*** Begin section ***

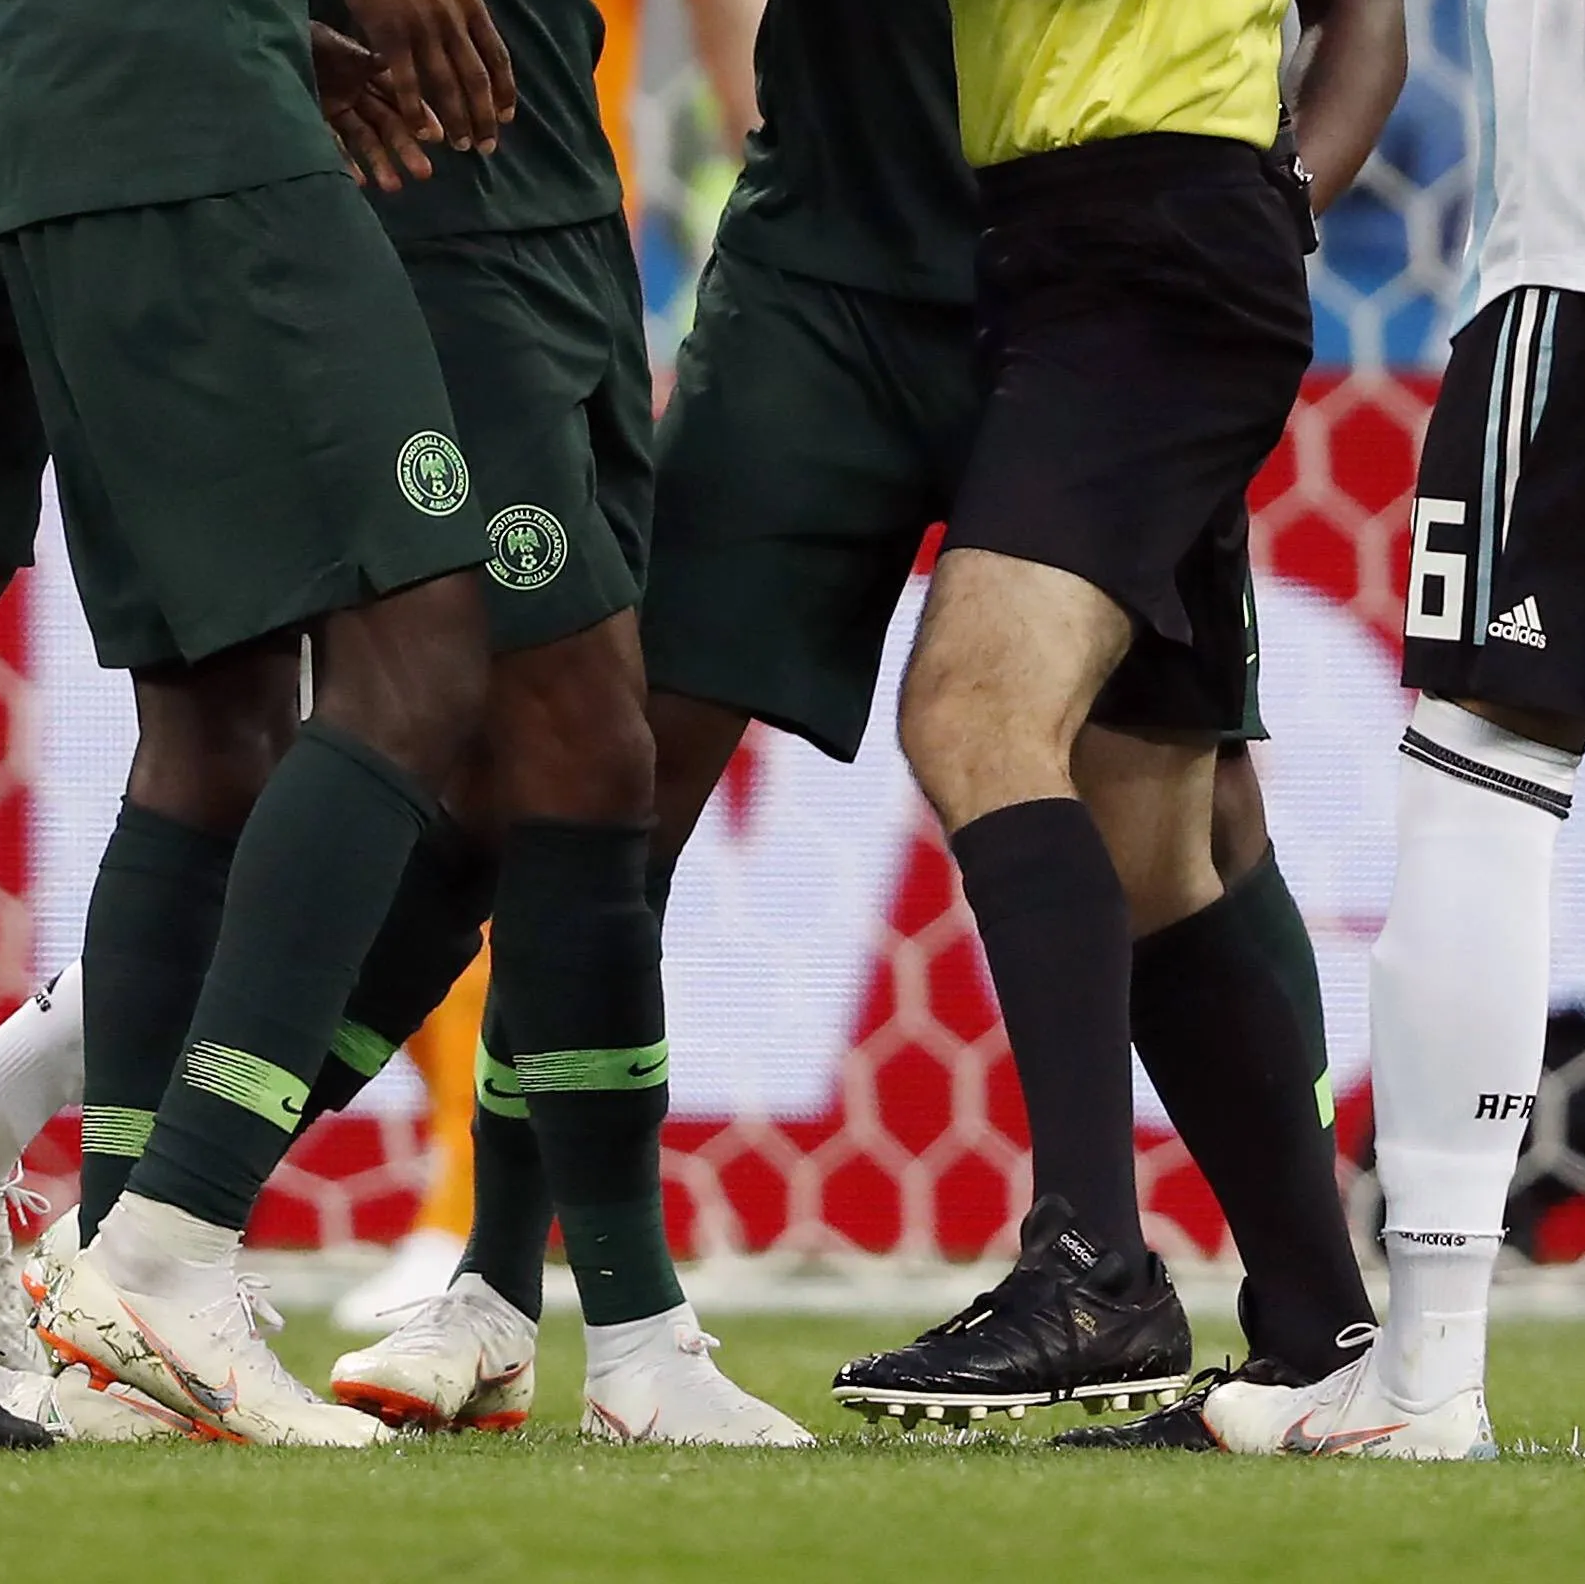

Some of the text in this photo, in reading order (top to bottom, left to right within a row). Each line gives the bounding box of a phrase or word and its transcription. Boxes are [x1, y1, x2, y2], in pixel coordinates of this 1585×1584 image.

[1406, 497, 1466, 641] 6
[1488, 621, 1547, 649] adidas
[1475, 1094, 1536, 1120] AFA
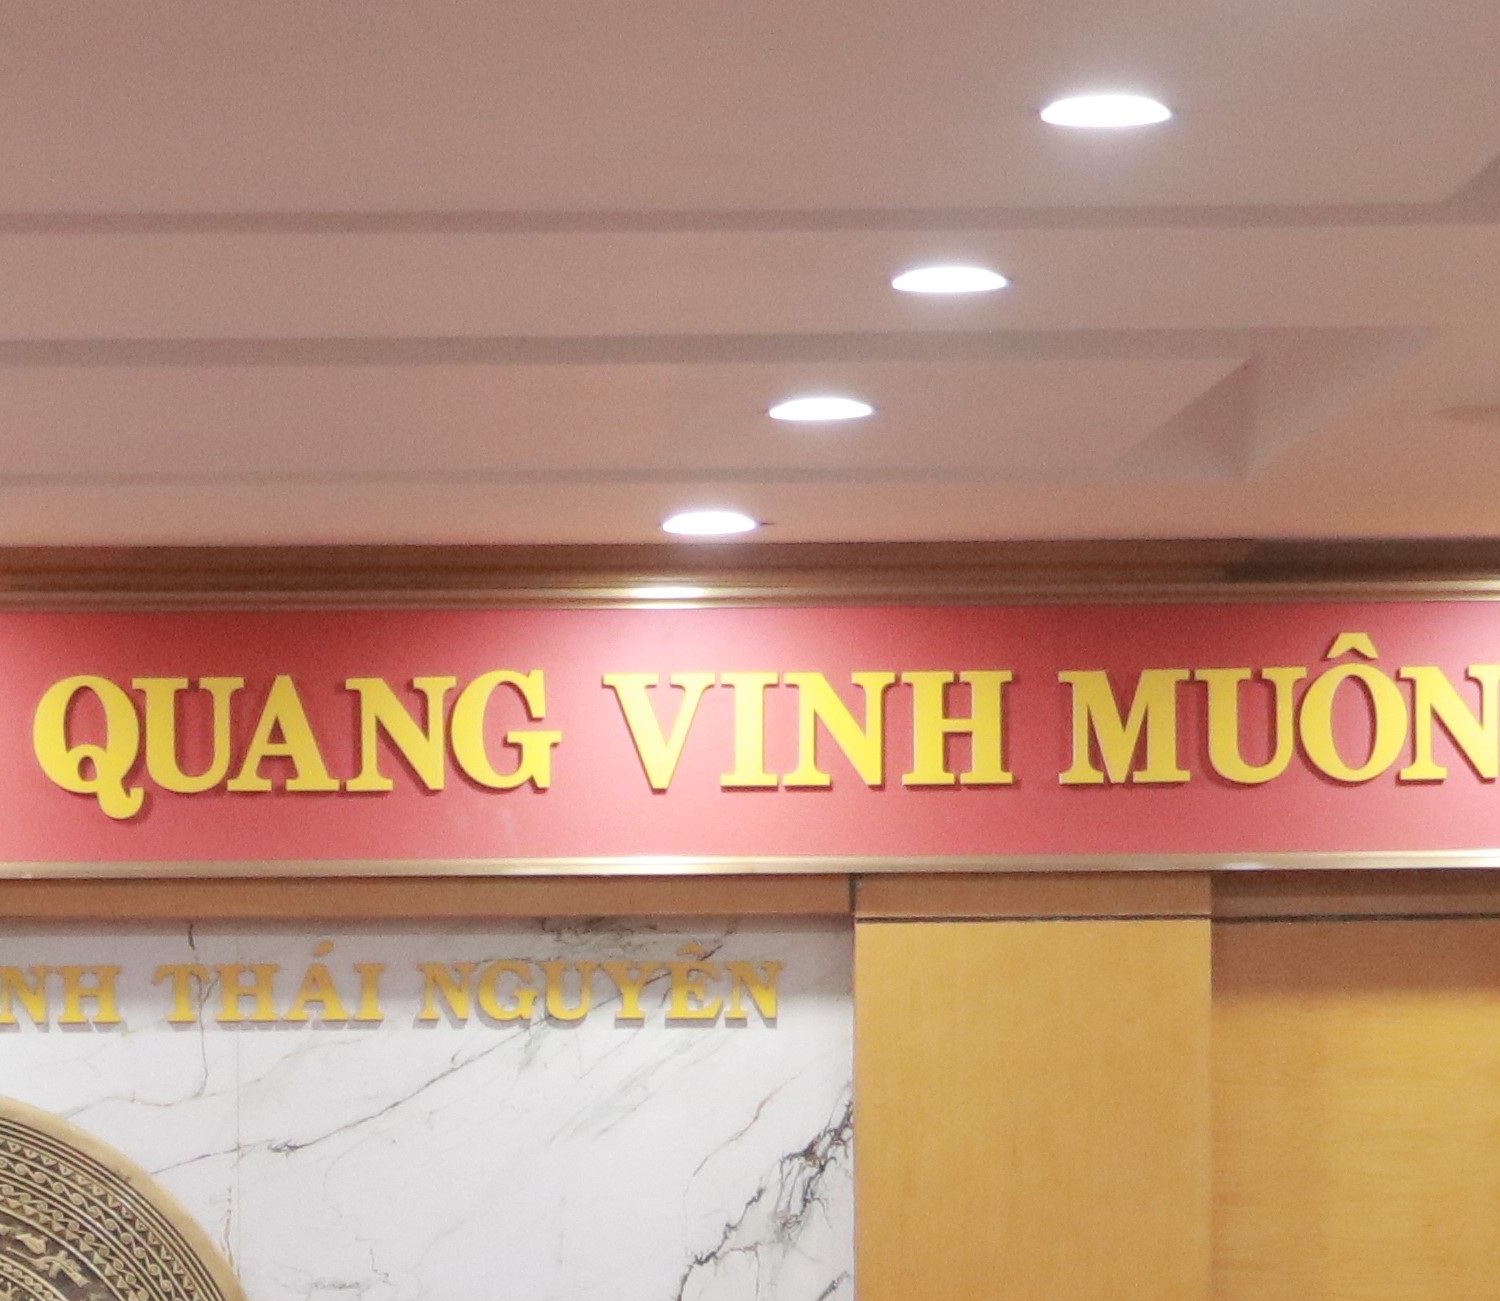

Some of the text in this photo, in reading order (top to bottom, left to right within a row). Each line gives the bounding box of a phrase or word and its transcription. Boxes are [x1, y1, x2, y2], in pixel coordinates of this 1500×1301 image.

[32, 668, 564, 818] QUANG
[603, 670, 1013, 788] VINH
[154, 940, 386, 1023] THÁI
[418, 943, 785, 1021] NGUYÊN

*** End section ***

* **PROBLEM REQUIREMENTS**
Your task is to write out the lines from the one with "this 1500×1301 image." through the end of the records, exactly and with nothing added.

* **RESPONSE TO THE TASK**
Some of the text in this photo, in reading order (top to bottom, left to right within a row). Each line gives the bounding box of a phrase or word and its transcription. Boxes are [x1, y1, x2, y2], in pixel coordinates of this 1500×1301 image.

[32, 668, 564, 818] QUANG
[603, 670, 1013, 788] VINH
[154, 940, 386, 1023] THÁI
[418, 943, 785, 1021] NGUYÊN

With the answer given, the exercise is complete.